I was writing poetry.

Falling in love with music again.

Had some wonderful friends around me.

It was also about this time when I really began to notice that my darling grandparents were indeed getting older. I had been so wrapped up in myself, that I hadn't really noticed them getting slower and ageing. Selfishly, I was so busy getting older myself, that I hadn't taken the time to notice that they were too.

I have accumulated a lot of regrets over the years, and taking my grandparents for granted, is something that I'll never forgive myself for. The two of them were always my stability in life. They became my son's too.

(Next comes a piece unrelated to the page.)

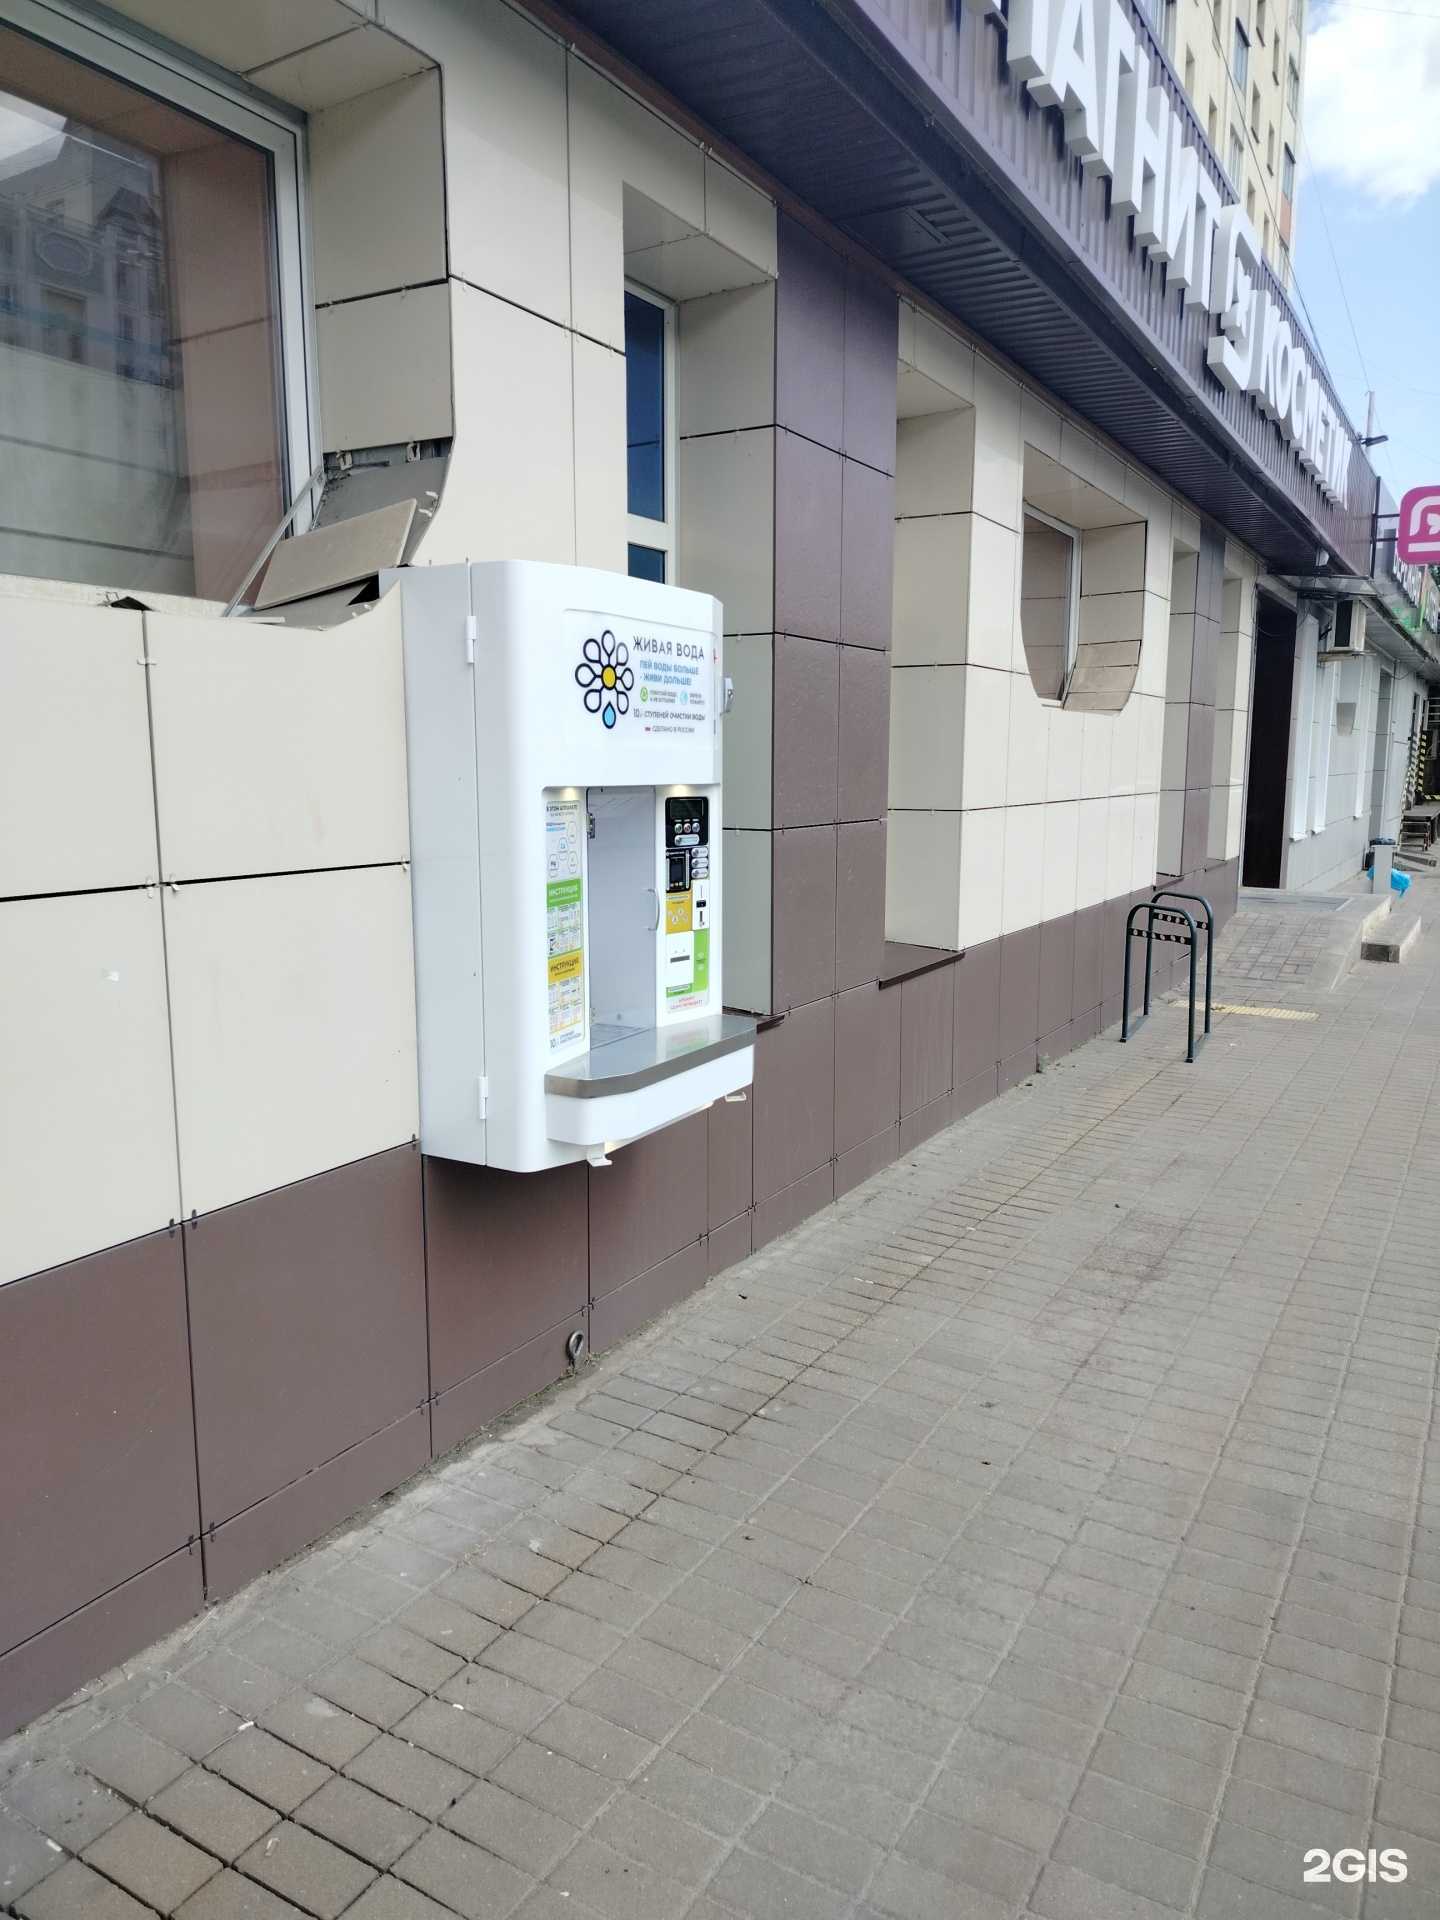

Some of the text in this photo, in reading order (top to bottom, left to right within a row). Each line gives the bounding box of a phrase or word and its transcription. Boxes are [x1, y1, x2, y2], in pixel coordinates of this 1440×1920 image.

[990, 0, 1222, 312] АГНИТ
[632, 635, 705, 660] ЖИВАЯ ВОДА
[640, 659, 699, 675] ПЕЙ ВОДЫ БОЛЬШЕ
[643, 673, 662, 682] ЖИВИ

It didn't matter how many wrongs I did, to them, I was still their right and special girl.

When I first moved into my house, I remember my gramp asking me whether there was anything I needed for my new kitchen. "I could do with some new knives, Gramp." Is what I had gratefully told him.

The next day, gramp pulled up outside my house, with his car full of just about everything needed in a kitchen—tea, coffee and sugar jars, a bread bin, utensils set, a kettle, a dish rack, saucepans, toaster, mugs, a rubbish bin, and of course, the requested knives set—it was all in yellow and all a wonderful surprise.

That was my gramp, a big and lovely softie.

Even now, I still have a few of those yellow knives that he bought me all those years ago, they're just too sentimental to ever get rid of.

I adored him, and he adored me.

To nan, I was like the daughter that my mum never was.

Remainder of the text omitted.